Without any pictures, restate the full set of records below exactly.

Input records below:

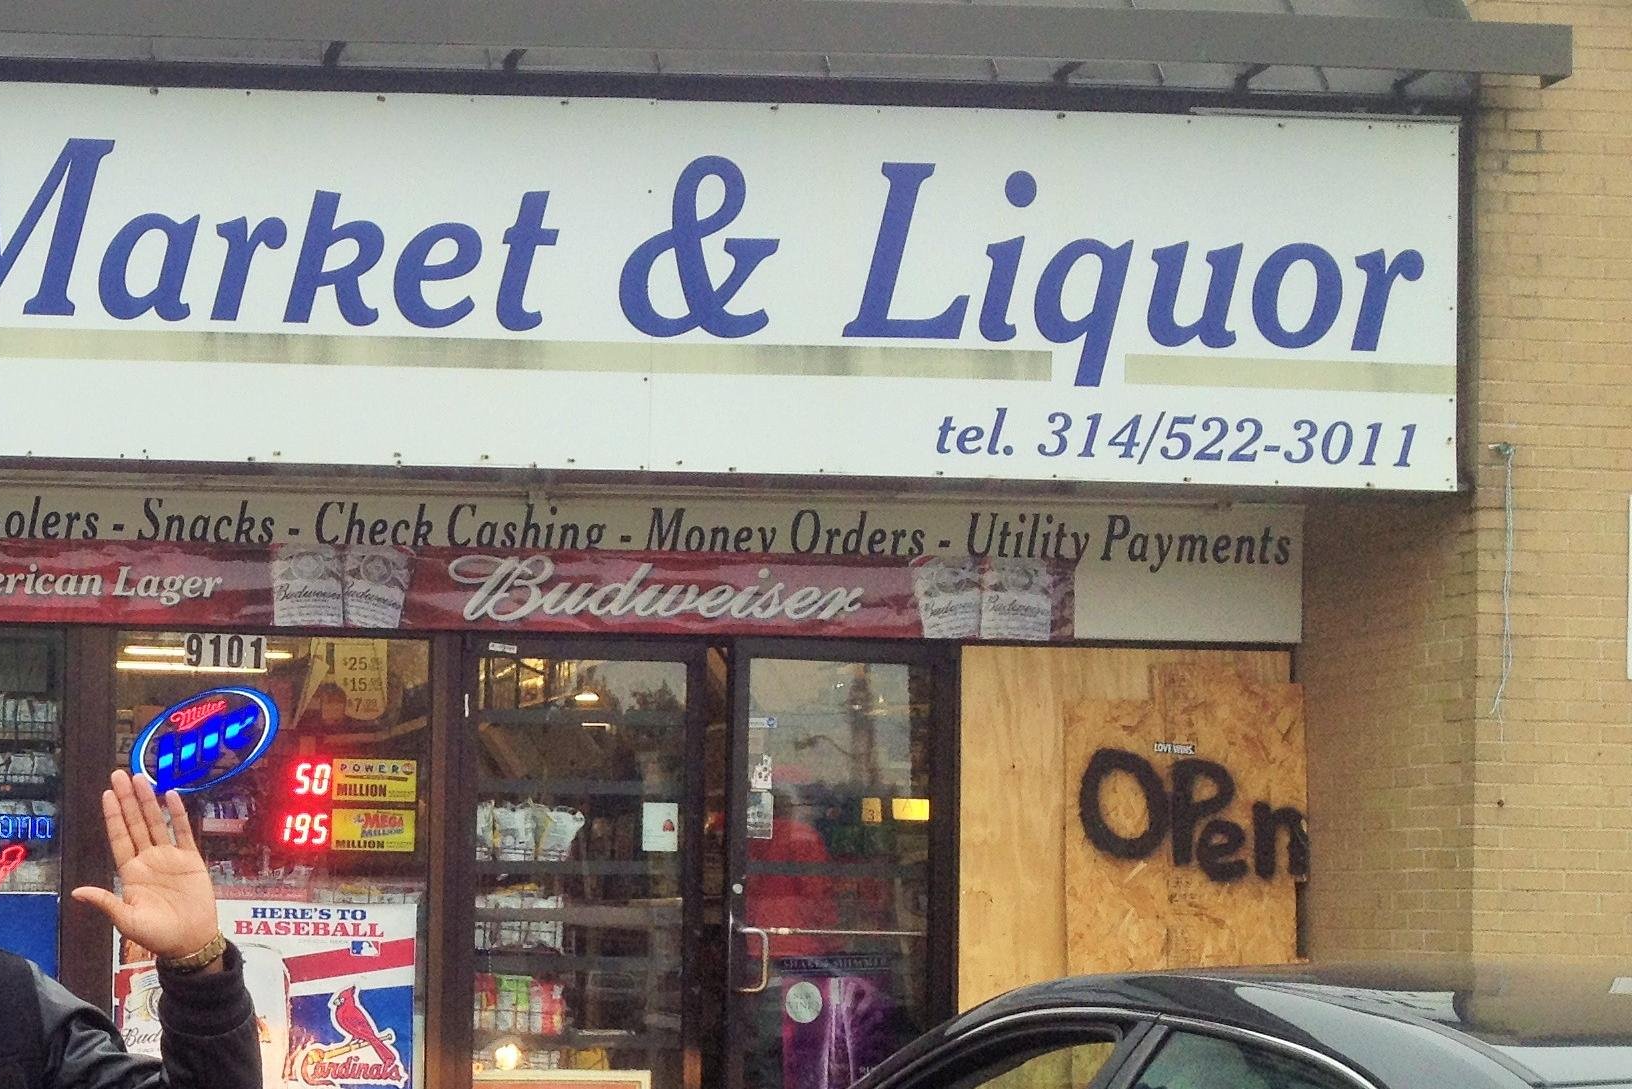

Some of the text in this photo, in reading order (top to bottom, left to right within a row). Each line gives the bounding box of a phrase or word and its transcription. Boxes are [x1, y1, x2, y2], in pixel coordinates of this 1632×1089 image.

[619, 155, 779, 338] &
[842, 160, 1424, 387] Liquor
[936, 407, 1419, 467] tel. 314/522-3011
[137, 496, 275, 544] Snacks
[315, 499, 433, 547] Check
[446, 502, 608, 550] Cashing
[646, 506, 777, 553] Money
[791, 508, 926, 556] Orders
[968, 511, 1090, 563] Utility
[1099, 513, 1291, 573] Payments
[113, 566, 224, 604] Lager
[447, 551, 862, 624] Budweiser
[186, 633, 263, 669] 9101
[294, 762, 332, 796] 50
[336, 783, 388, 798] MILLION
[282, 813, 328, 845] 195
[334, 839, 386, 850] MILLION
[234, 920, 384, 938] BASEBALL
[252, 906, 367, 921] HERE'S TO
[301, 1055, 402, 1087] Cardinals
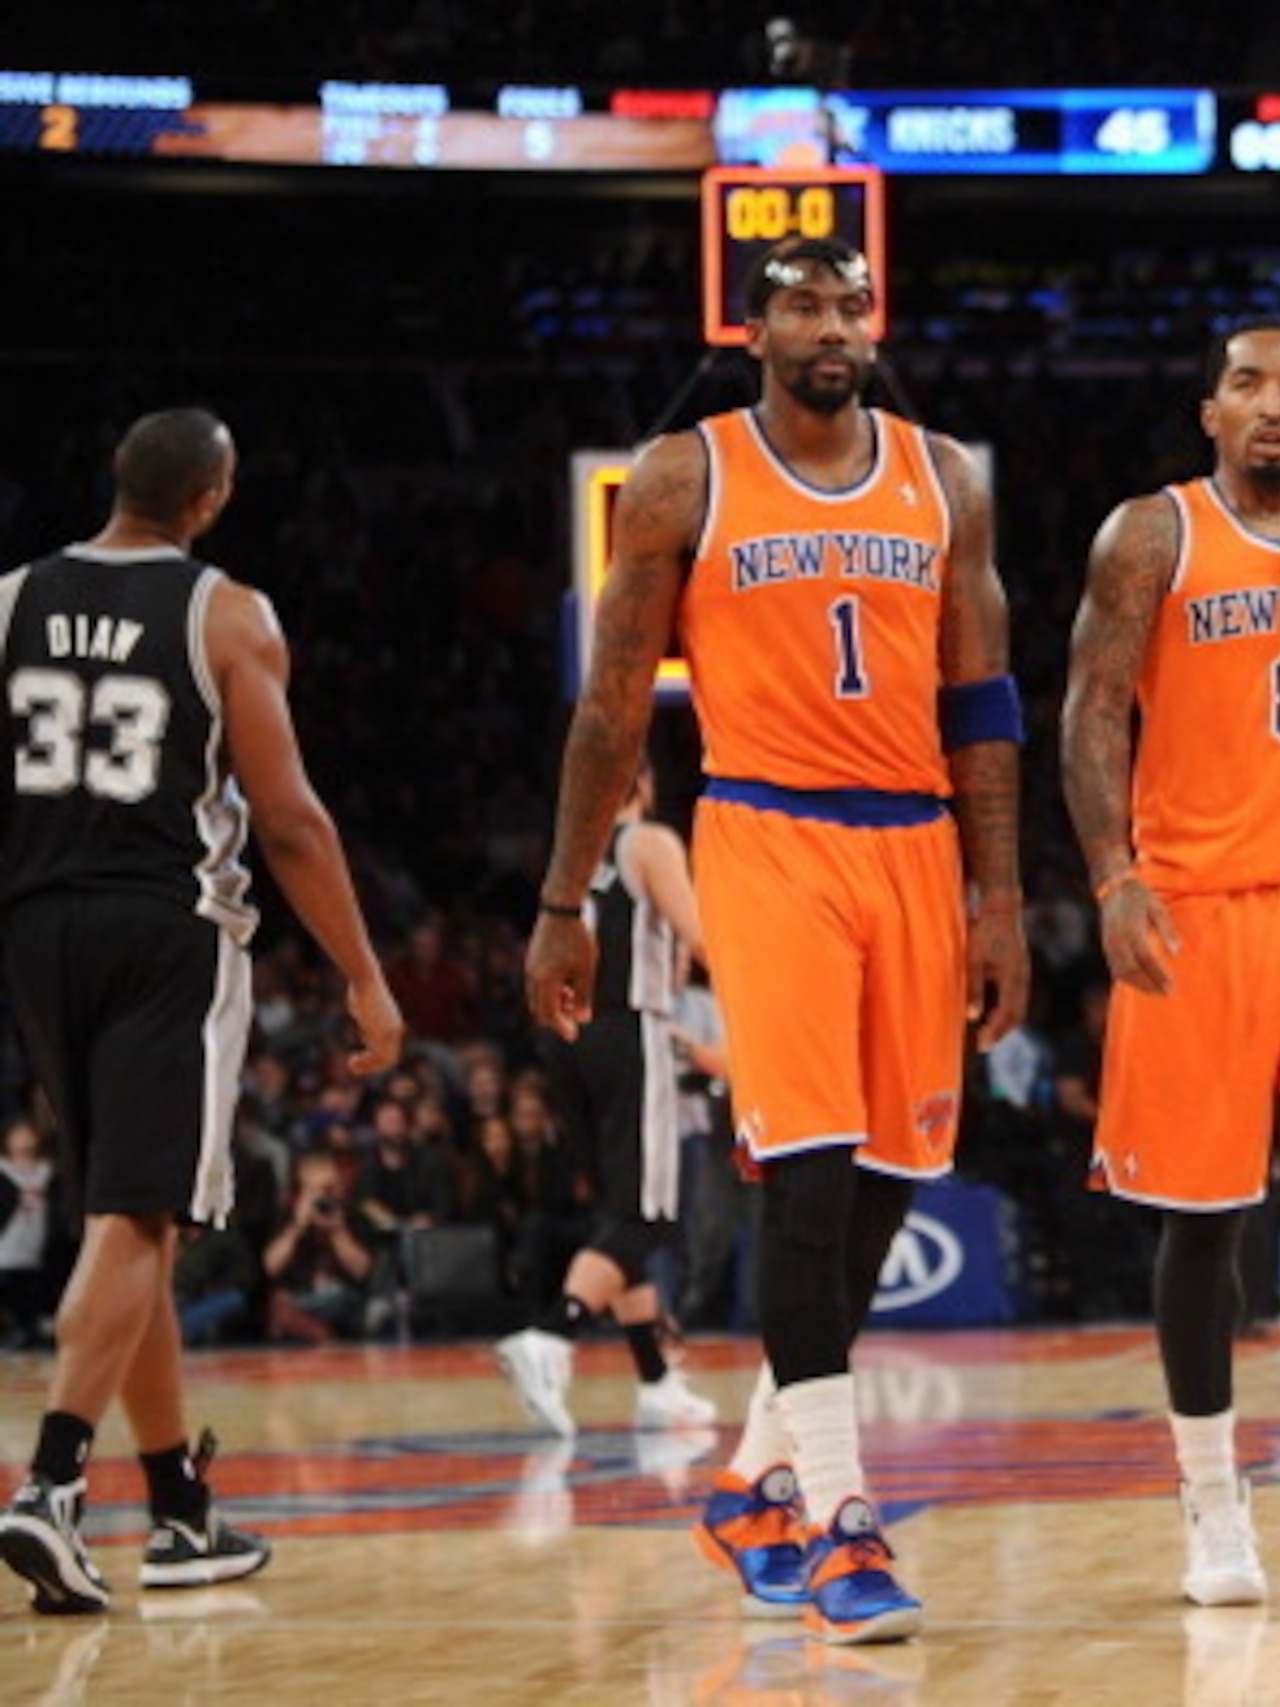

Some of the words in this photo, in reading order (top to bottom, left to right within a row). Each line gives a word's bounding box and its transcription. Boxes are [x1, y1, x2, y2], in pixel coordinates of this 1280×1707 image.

End of Input records.

[Answer space]
Some of the text in this photo, in reading order (top to bottom, left to right within a row). Each line gives the bounding box of a phrase or word and its transcription. Boxes are [x1, y1, x2, y2], in pixel coordinates of this 1632×1089 image.

[619, 155, 779, 338] &
[842, 160, 1424, 387] Liquor
[936, 407, 1419, 467] tel. 314/522-3011
[137, 496, 275, 544] Snacks
[315, 499, 433, 547] Check
[446, 502, 608, 550] Cashing
[646, 506, 777, 553] Money
[791, 508, 926, 556] Orders
[968, 511, 1090, 563] Utility
[1099, 513, 1291, 573] Payments
[113, 566, 224, 604] Lager
[447, 551, 862, 624] Budweiser
[186, 633, 263, 669] 9101
[294, 762, 332, 796] 50
[336, 783, 388, 798] MILLION
[282, 813, 328, 845] 195
[334, 839, 386, 850] MILLION
[234, 920, 384, 938] BASEBALL
[252, 906, 367, 921] HERE'S TO
[301, 1055, 402, 1087] Cardinals

Some of the words in this photo, in reading order (top to bottom, left to right within a row). Each line gives a word's bounding box and its transcription. Boxes are [x1, y1, x2, y2], in pixel coordinates of this 1280×1707 image.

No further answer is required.